▶ DATA RECORDS:
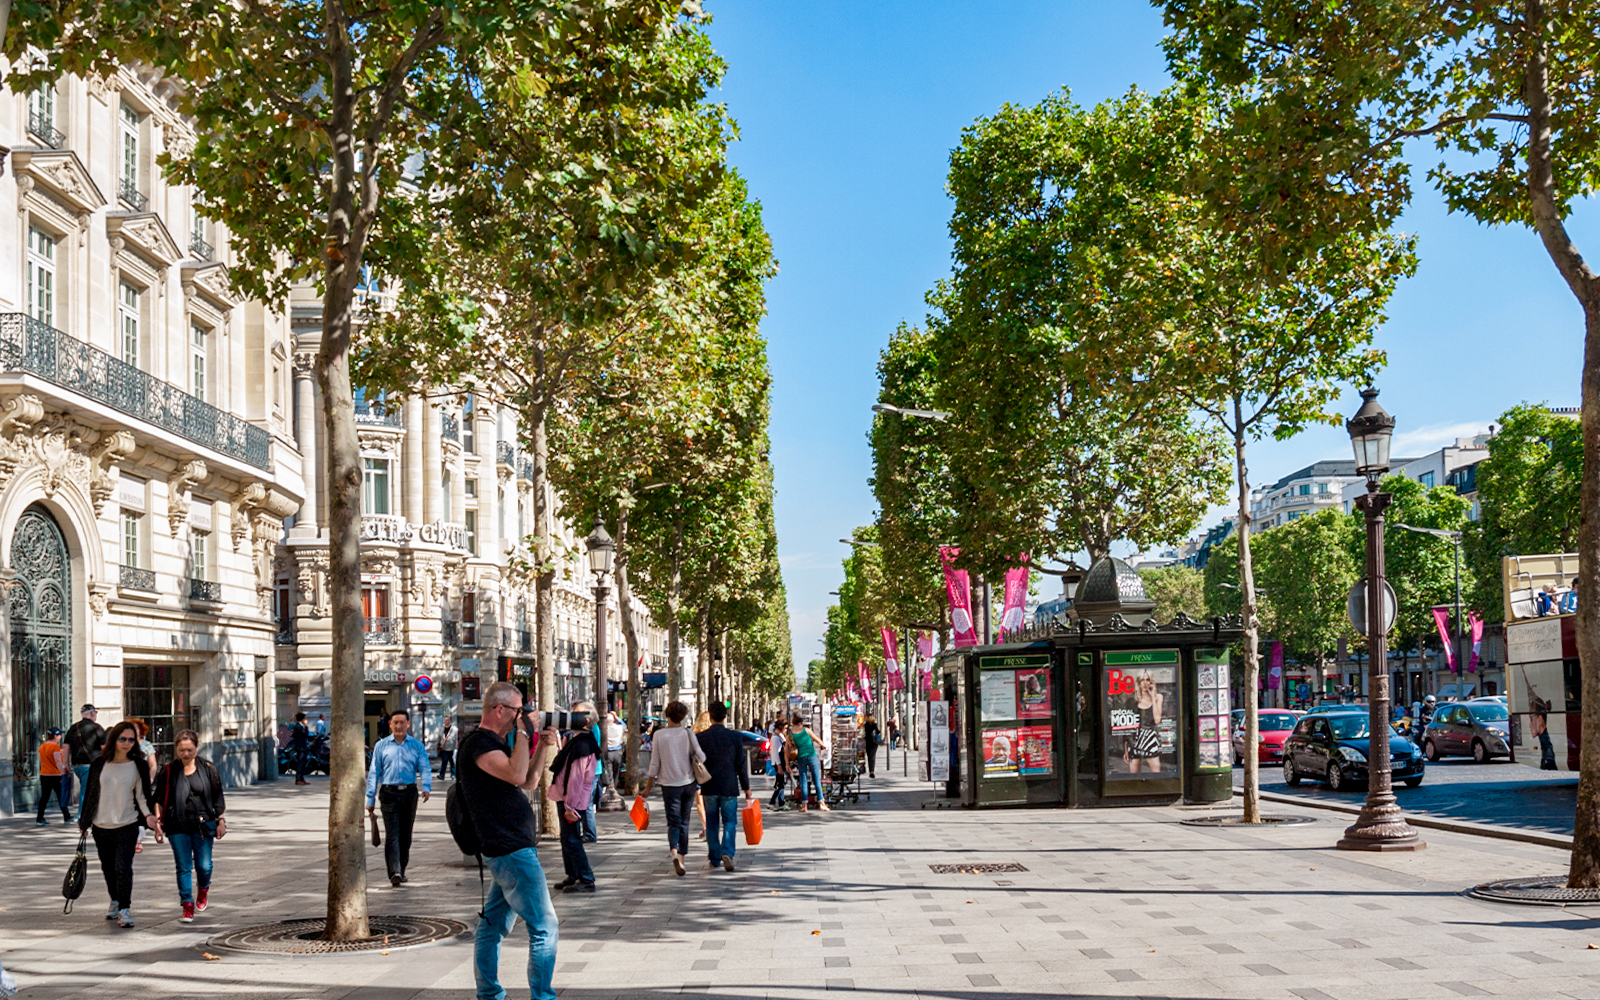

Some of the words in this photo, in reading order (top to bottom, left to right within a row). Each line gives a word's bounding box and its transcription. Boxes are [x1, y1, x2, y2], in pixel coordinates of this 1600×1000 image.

[1003, 657, 1027, 665] PRESSE
[364, 672, 398, 681] watch
[1107, 668, 1135, 695] Be
[1111, 714, 1140, 726] MODE
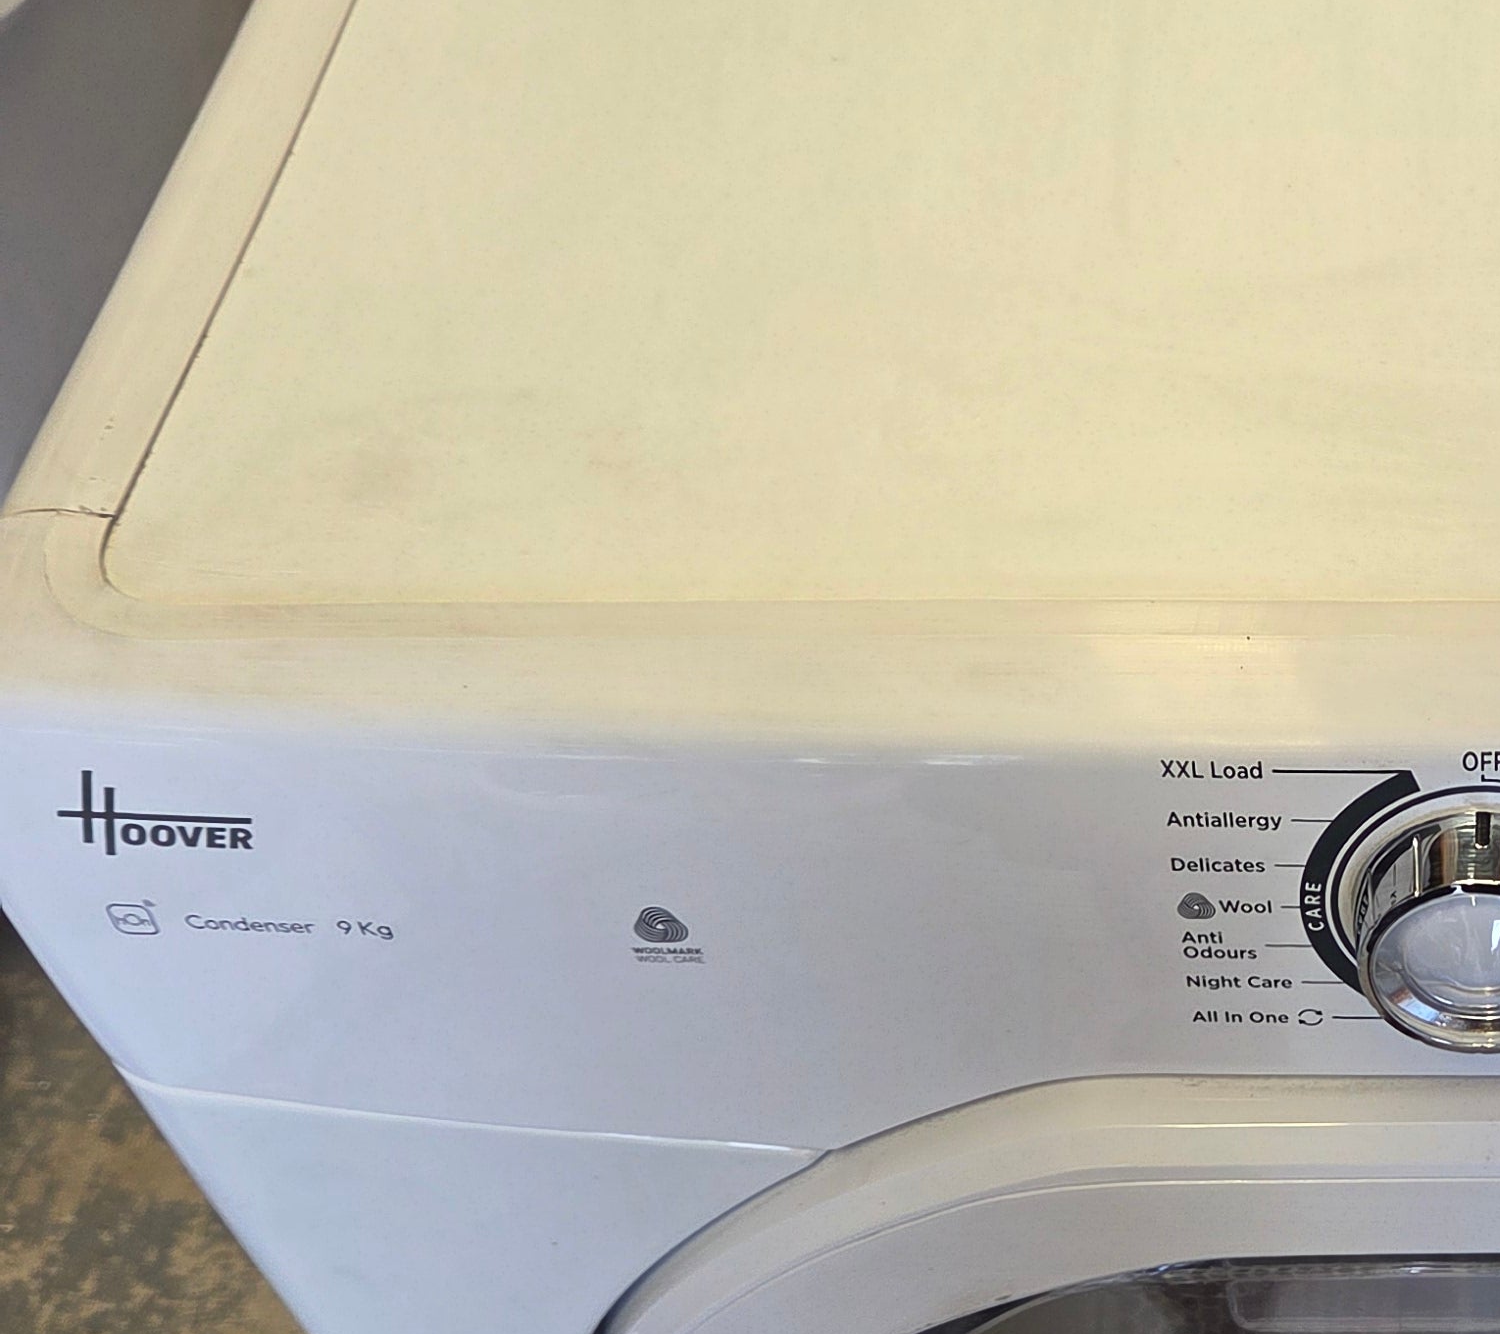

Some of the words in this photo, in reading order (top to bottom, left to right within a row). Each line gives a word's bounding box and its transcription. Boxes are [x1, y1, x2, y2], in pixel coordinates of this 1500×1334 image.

[1160, 761, 1204, 779] XXL
[1211, 761, 1263, 779] Load
[57, 770, 254, 855] HOOVER
[1167, 812, 1282, 830] Antiallergy
[1171, 857, 1266, 873] Delicates
[1219, 900, 1273, 914] Wool
[1304, 881, 1325, 931] CARE
[185, 914, 315, 934] Condenser
[1181, 931, 1223, 944] Anti
[631, 947, 704, 955] WOOLMARK
[1183, 946, 1257, 960] Odours
[635, 955, 671, 963] WOOL
[1186, 975, 1241, 990] Night
[1247, 976, 1293, 989] Care
[1192, 1011, 1218, 1023] All
[1225, 1011, 1242, 1023] In
[1250, 1011, 1289, 1024] One

▶ DESCRIPTION OF THE TASK: Give back every record exactly. Omit the pictures.

▶ OUTPUT FOR THIS EXERCISE:
Some of the words in this photo, in reading order (top to bottom, left to right within a row). Each line gives a word's bounding box and its transcription. Boxes are [x1, y1, x2, y2], in pixel coordinates of this 1600×1000 image.

[1003, 657, 1027, 665] PRESSE
[364, 672, 398, 681] watch
[1107, 668, 1135, 695] Be
[1111, 714, 1140, 726] MODE

Some of the words in this photo, in reading order (top to bottom, left to right within a row). Each line gives a word's bounding box and its transcription. Boxes are [x1, y1, x2, y2], in pixel coordinates of this 1500×1334 image.

[1160, 761, 1204, 779] XXL
[1211, 761, 1263, 779] Load
[57, 770, 254, 855] HOOVER
[1167, 812, 1282, 830] Antiallergy
[1171, 857, 1266, 873] Delicates
[1219, 900, 1273, 914] Wool
[1304, 881, 1325, 931] CARE
[185, 914, 315, 934] Condenser
[1181, 931, 1223, 944] Anti
[631, 947, 704, 955] WOOLMARK
[1183, 946, 1257, 960] Odours
[635, 955, 671, 963] WOOL
[1186, 975, 1241, 990] Night
[1247, 976, 1293, 989] Care
[1192, 1011, 1218, 1023] All
[1225, 1011, 1242, 1023] In
[1250, 1011, 1289, 1024] One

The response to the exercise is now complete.